▶ [INSTRUCTIONS TO FOLLOW]: Every line of the listing should be retyped exactly, but none of the pictures should be.
=====
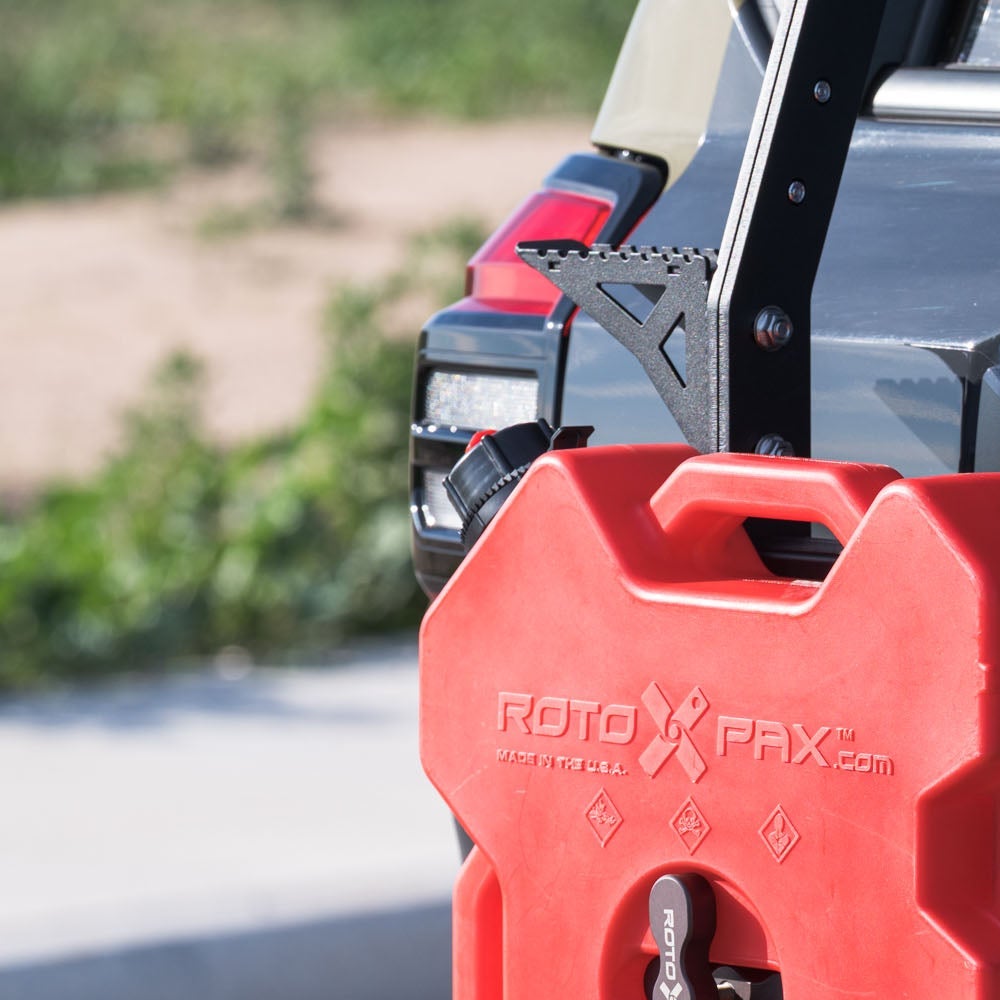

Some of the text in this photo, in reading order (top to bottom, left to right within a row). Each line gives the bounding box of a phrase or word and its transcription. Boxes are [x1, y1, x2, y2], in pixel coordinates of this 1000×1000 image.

[497, 691, 637, 744] ROTO
[497, 749, 628, 776] MADE IN THE U.S.A.
[663, 909, 676, 981] ROTO
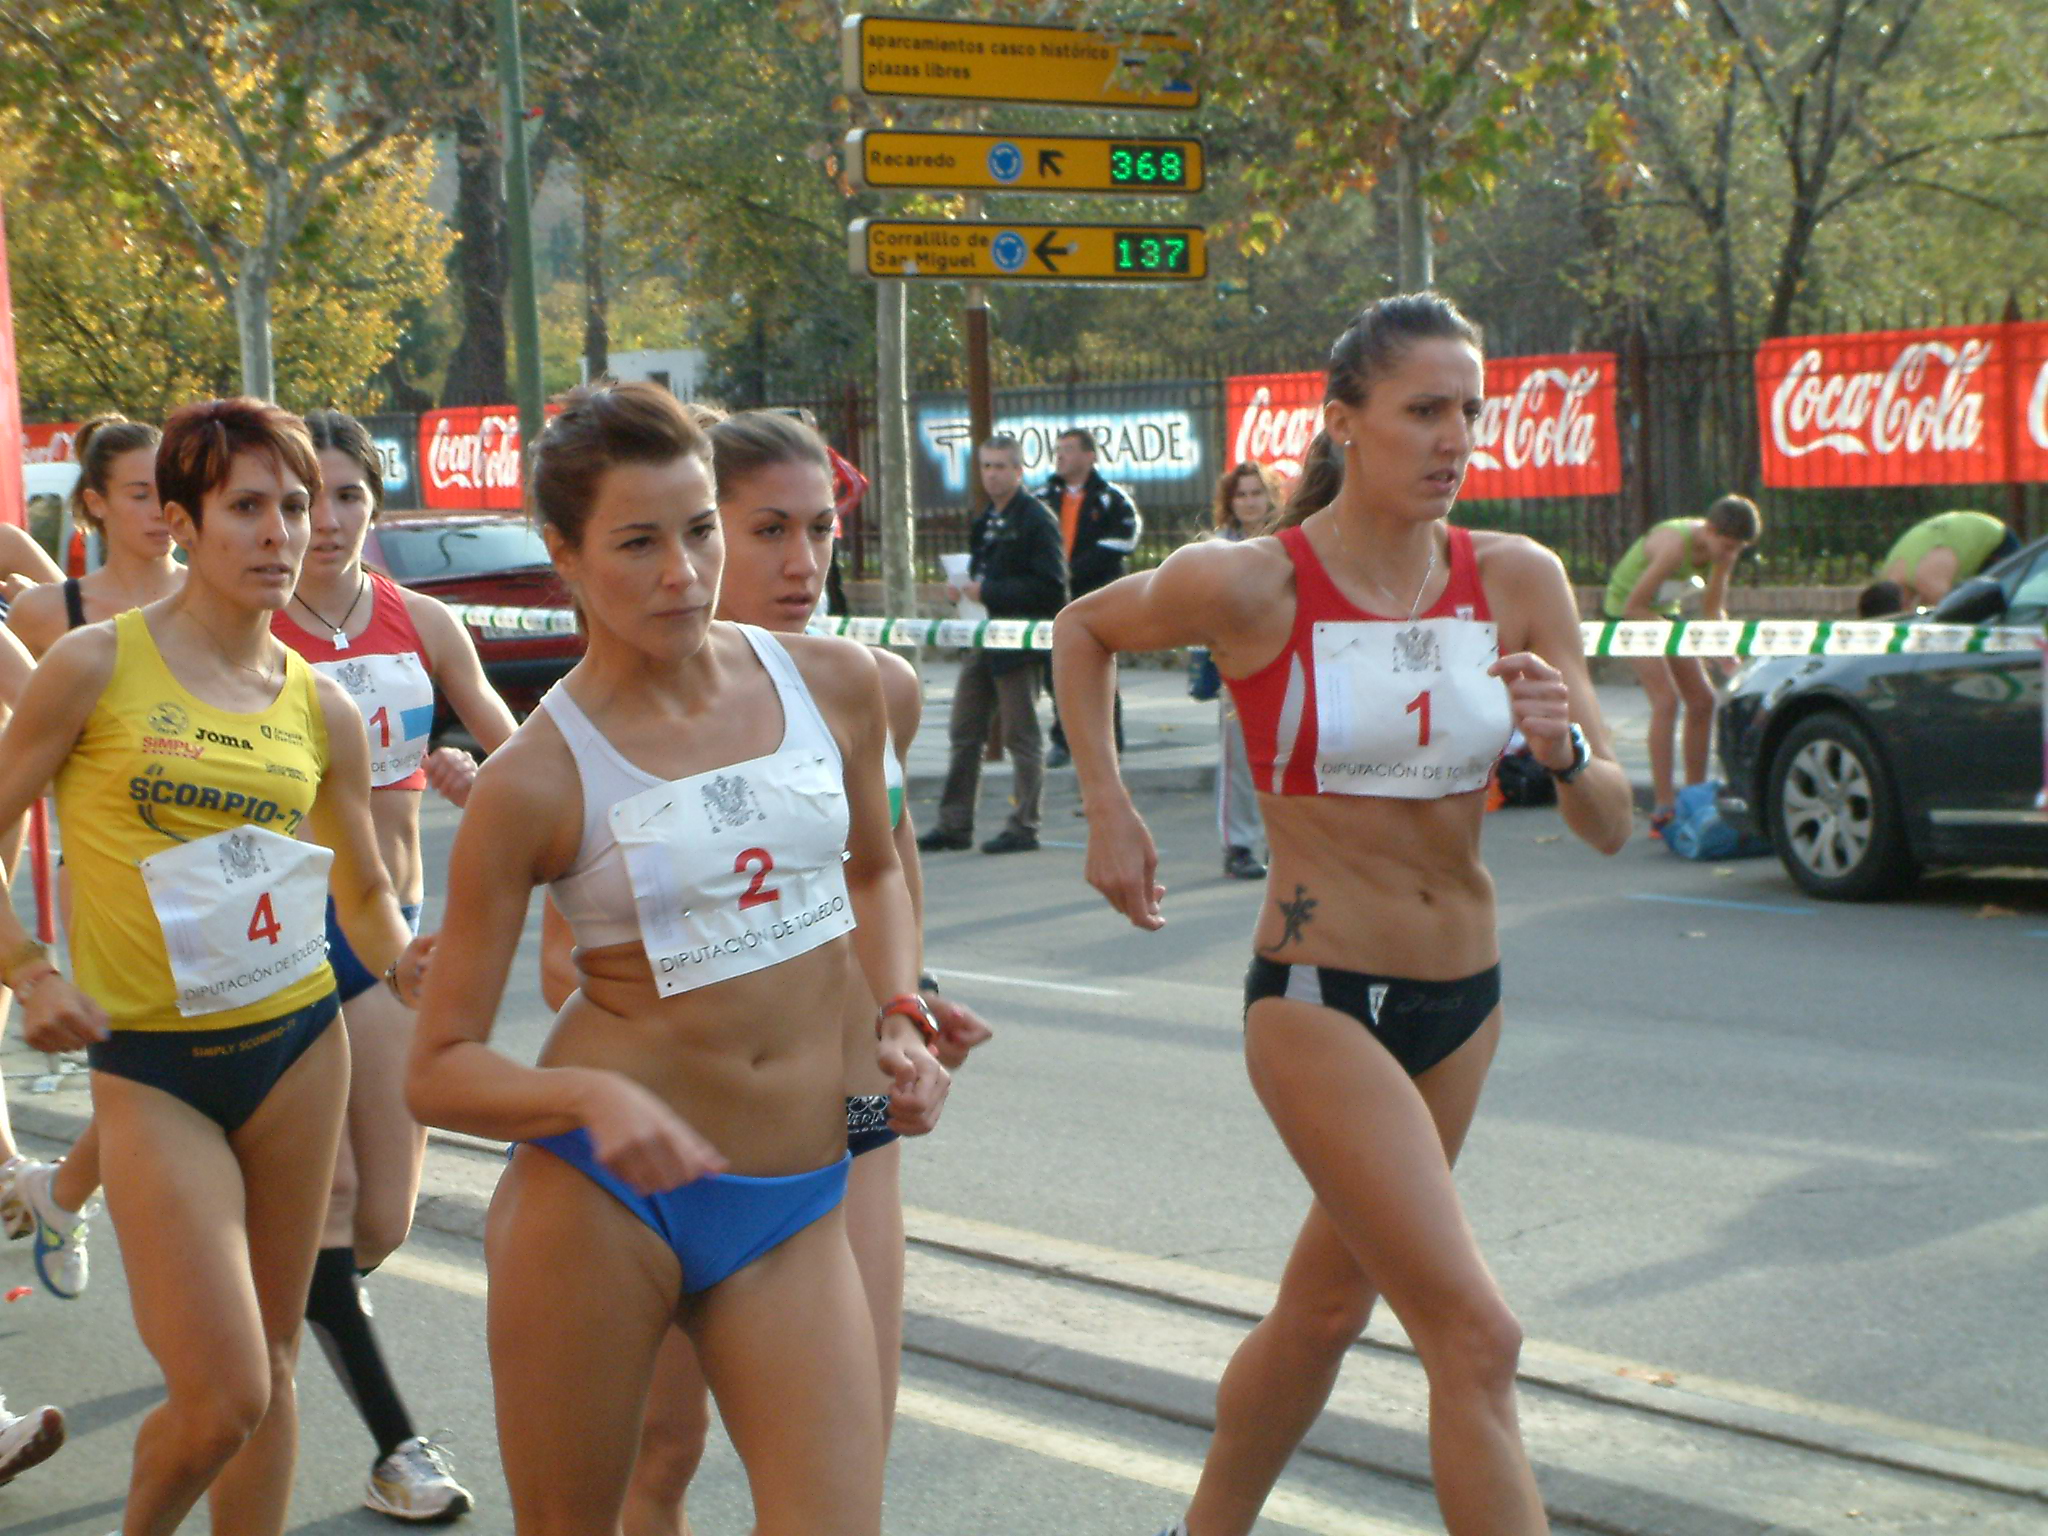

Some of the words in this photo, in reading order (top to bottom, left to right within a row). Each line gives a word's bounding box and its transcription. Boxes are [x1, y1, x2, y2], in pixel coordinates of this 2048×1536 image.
=====
▶ [ANSWER TO THE PROBLEM]:
Some of the text in this photo, in reading order (top to bottom, left to right within a row). Each line gives the bounding box of a phrase or word and its transcription. Boxes are [x1, y1, x2, y2], in pixel coordinates of this 1000×1000 image.

[497, 691, 637, 744] ROTO
[497, 749, 628, 776] MADE IN THE U.S.A.
[663, 909, 676, 981] ROTO

Some of the words in this photo, in reading order (top to bottom, left to right within a row). Each line gives a word's bounding box and its transcription. Boxes are [x1, y1, x2, y2], in pixel coordinates of this 2048×1536 image.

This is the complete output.